O meu pai, que fora professor no mesmo colégio, algumas décadas antes, me contou que um de seus alunos respondeu a presença em canto gregoriano. Eu lhe disse que ficasse tranquilo, eu faria o mesmo no dia seguinte. E na aula do padre Alves, um homem santo, que nunca mereceu a bagunça que se fazia em suas exposições, fez a chamada, pronunciando o meu nome pausadamente: Geraldo José Marques Pereira. Levantei e comecei: “Preeeeeeeesente!”. Todos ouviram a sentença do sacerdote: “Pra fora!”. Ora seu padre, eu estou descontando o que fizeram com o meu pai, eu não mereço isso, não faça isso comigo. E ele: “Tenho que fazer para lhe consertar!”. E o senhor ainda vem me enganar! Cuidado com o fogo do inferno! O senhor vai pagar tudo isso no purgatório. E o nosso santo, quase desesperado: “Fique aqui pelo amor de Deus!”.
Esse mesmo padre Alves, em sua santidade e na sua também quase leseira, perguntou no exame final de geografia: “Fale sobre Hitler!”. Comecei falando sobre Leonel Brizola, que começava no Rio Grande do Sul a sua vida política, e ele dizia: “É Hitler!”. E eu: “Calma! Chegaremos lá!”. E não consegui chegar, porque a distância era grande no tempo e os objetivos de vida completamente distintos. Levei, mais uma vez, zero na caderneta. De outra feita, com ele mesmo, ao chegar para a aula, dei-lhe a informação decisiva: “Estamos em guerra com a sala ao lado! Acho melhor o senhor não permanecer em sala! Seremos atacados!”. Ele ficou meio atrapalhado, rodou pra lá e rodou pra cá e saiu. Não era besta de ficar sob o fogo cruzado de bolotas de papel molhado.

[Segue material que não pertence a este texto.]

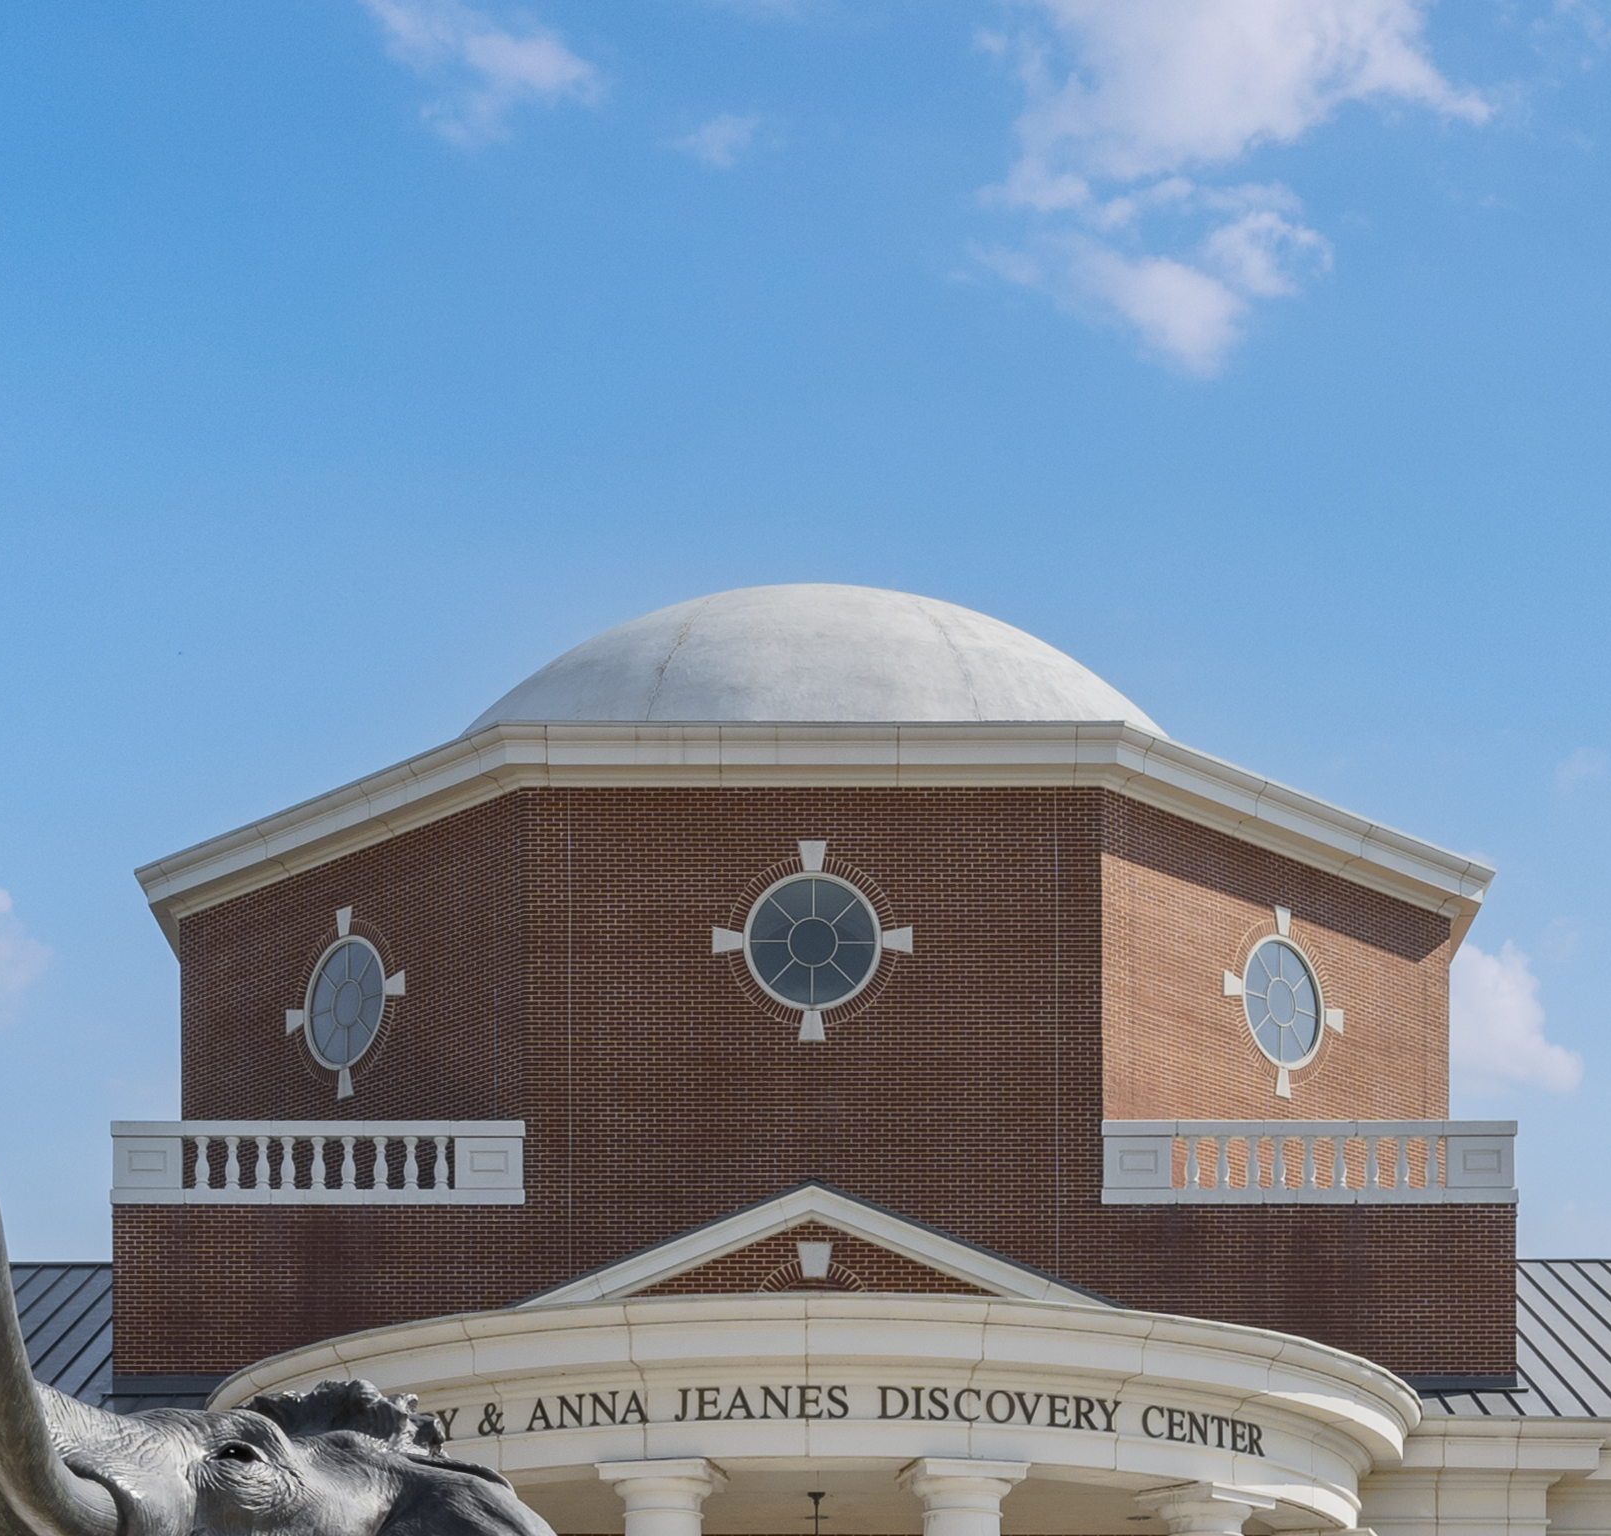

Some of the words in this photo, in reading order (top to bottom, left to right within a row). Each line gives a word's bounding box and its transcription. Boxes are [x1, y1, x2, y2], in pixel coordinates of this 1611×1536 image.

[477, 1402, 505, 1437] &
[526, 1390, 648, 1433] ANNA
[674, 1385, 850, 1423] JEANES
[877, 1385, 1122, 1433] DISCOVERY
[1142, 1405, 1266, 1457] CENTER

Finalmente, quando fui pra fora mais uma vez, com a maior cara de pau estive na quadra de basquete e pedi uma camisa empestada, troquei a minha e voltei. O jesuíta disse: “Ei! Vai pra onde?”. Vou assistir aula, mestre! Justificou que não, pois que tinha sido posto pra fora há pouco. Eu, então, retruquei: “Padre Alves! É a segunda vez que o senhor faz isso comigo! Aquele é o meu irmão gêmeo, mas eu sou direitinho, diferente dele, levado da breca, como é. Eu acho que tinha vontade de ter um irmão gêmeo – gêmeos iguais –, porque em mais de uma ocasião usei essa álibi. Mas que fosse diferente desses gêmeos idênticos da novela das 9, porque um deles traiu o irmão. Valha-me Deus do ceu!